> Exercise
Please retype the records below exactly as they appear, leaving out every picture.

> Source records
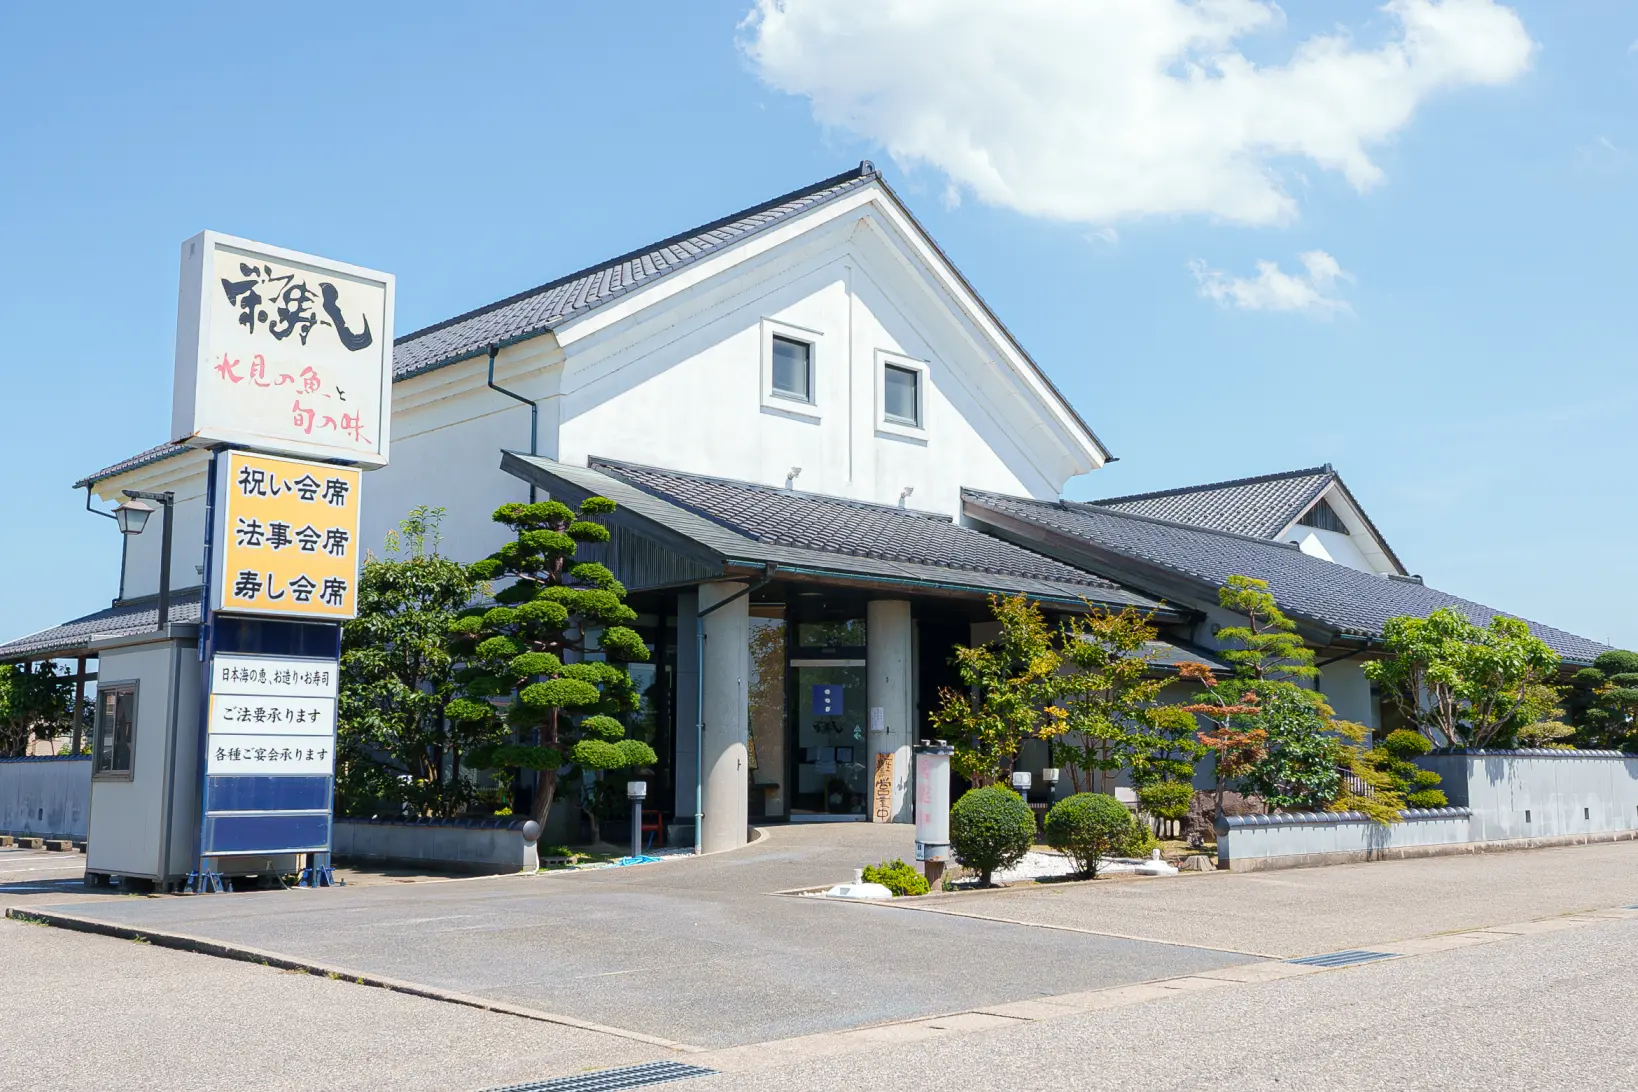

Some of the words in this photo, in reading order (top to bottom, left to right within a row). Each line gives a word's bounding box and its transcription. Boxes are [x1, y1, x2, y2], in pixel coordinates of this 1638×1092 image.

[292, 399, 372, 444] 旬の味
[238, 466, 349, 506] 祝い会席
[236, 518, 349, 556] 法事会席
[234, 570, 347, 606] 寿し会席
[223, 706, 321, 724] ご法要承ります
[215, 746, 328, 762] 各種ご宴会承ります
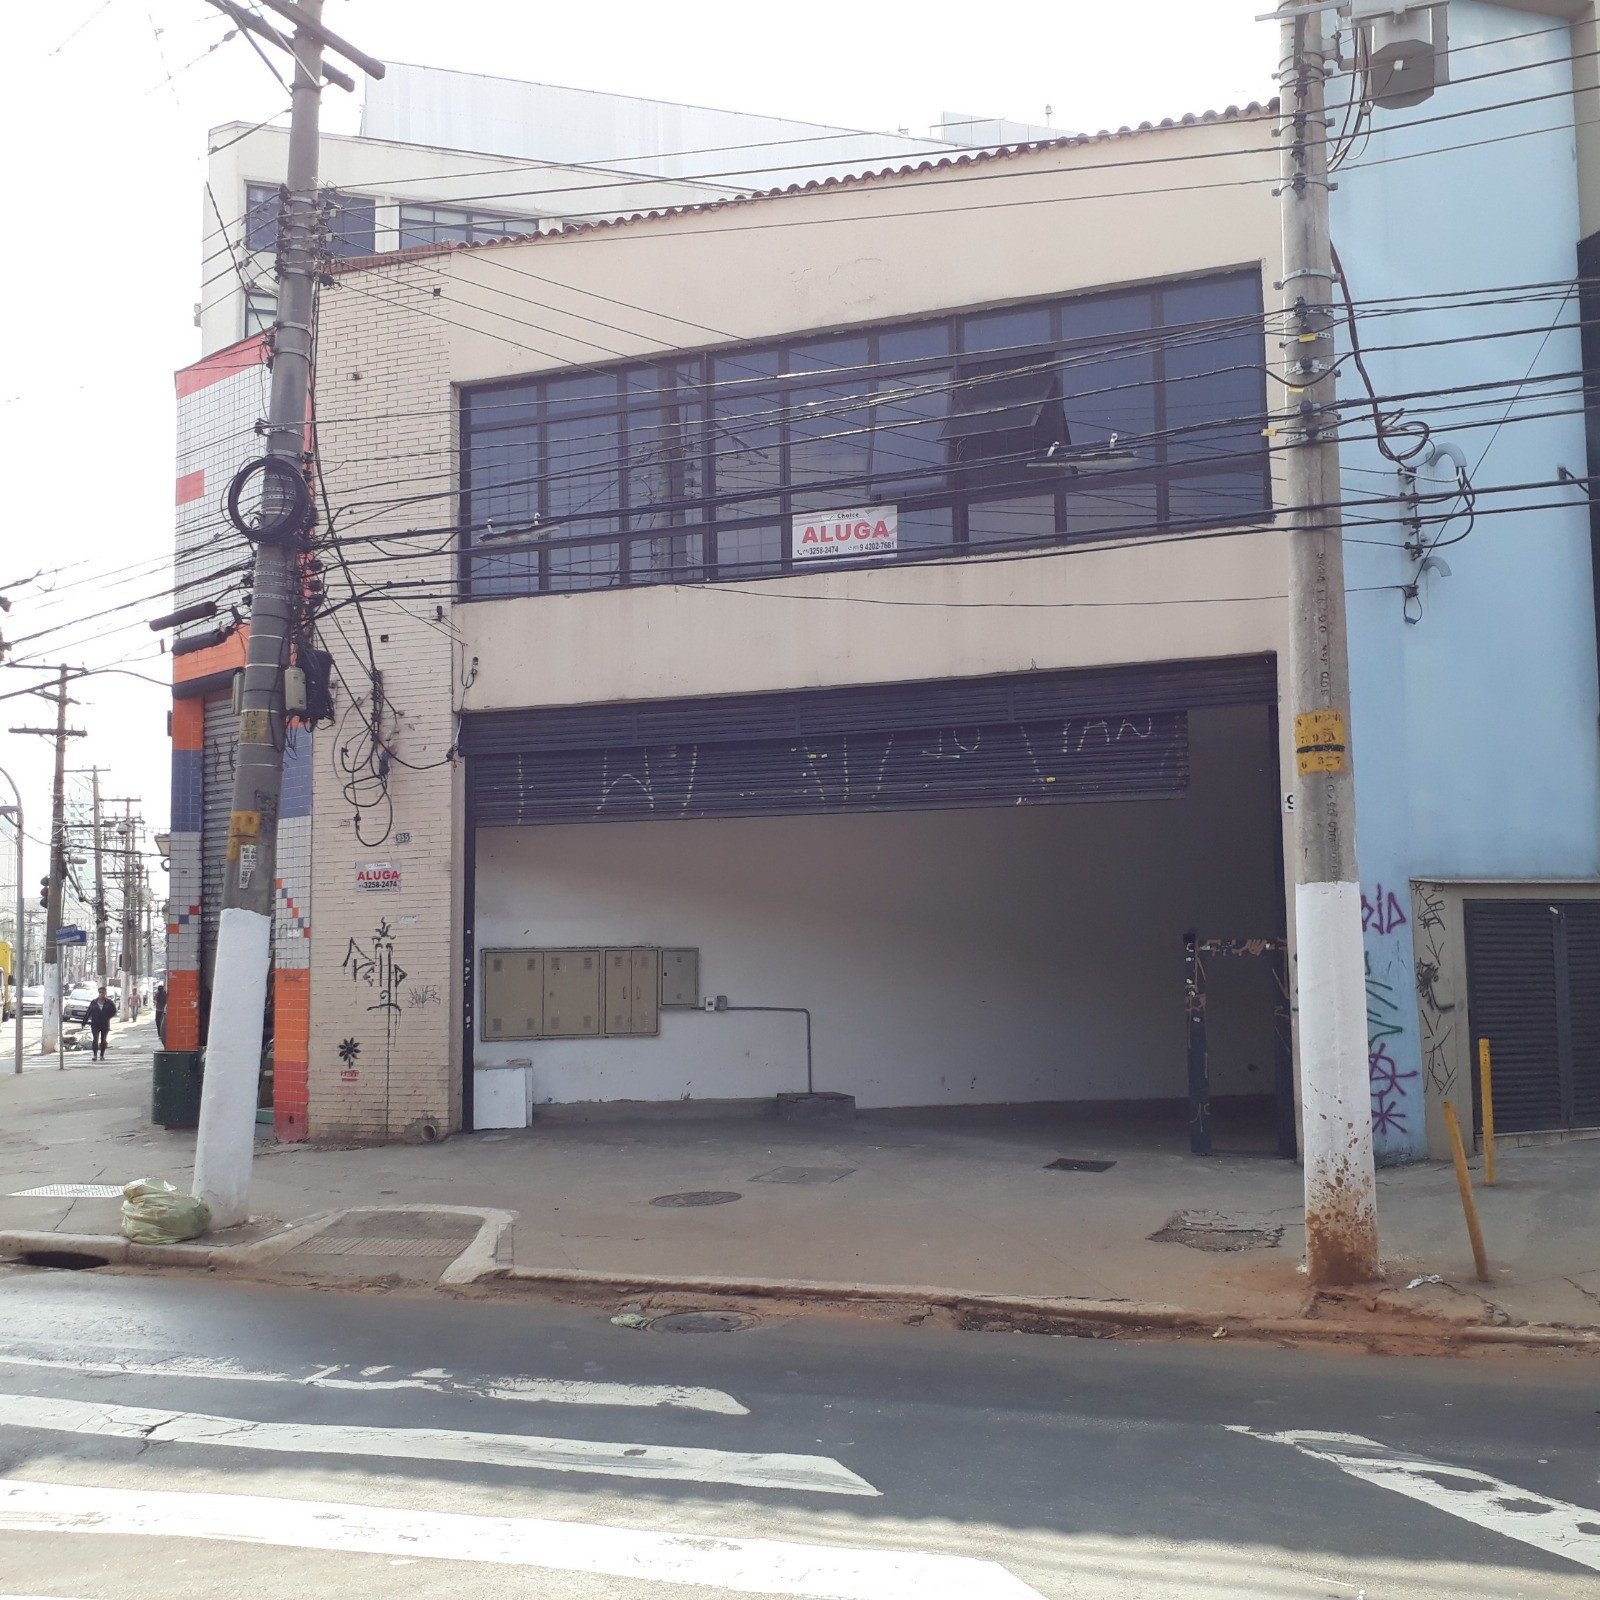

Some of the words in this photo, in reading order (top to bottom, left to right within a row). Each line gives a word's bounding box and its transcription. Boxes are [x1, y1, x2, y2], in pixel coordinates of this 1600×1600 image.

[802, 520, 890, 544] ALUGA
[357, 870, 400, 881] ALUGA
[364, 881, 397, 889] 3258-2474

> Answer to the problem
Some of the words in this photo, in reading order (top to bottom, left to right within a row). Each line gives a word's bounding box and its transcription. Boxes are [x1, y1, x2, y2], in pixel coordinates of this 1638×1092 image.

[292, 399, 372, 444] 旬の味
[238, 466, 349, 506] 祝い会席
[236, 518, 349, 556] 法事会席
[234, 570, 347, 606] 寿し会席
[223, 706, 321, 724] ご法要承ります
[215, 746, 328, 762] 各種ご宴会承ります

Some of the words in this photo, in reading order (top to bottom, left to right within a row). Each line gives a word's bounding box and its transcription. Boxes are [x1, y1, x2, y2], in pixel coordinates of this 1600×1600 image.

[802, 520, 890, 544] ALUGA
[357, 870, 400, 881] ALUGA
[364, 881, 397, 889] 3258-2474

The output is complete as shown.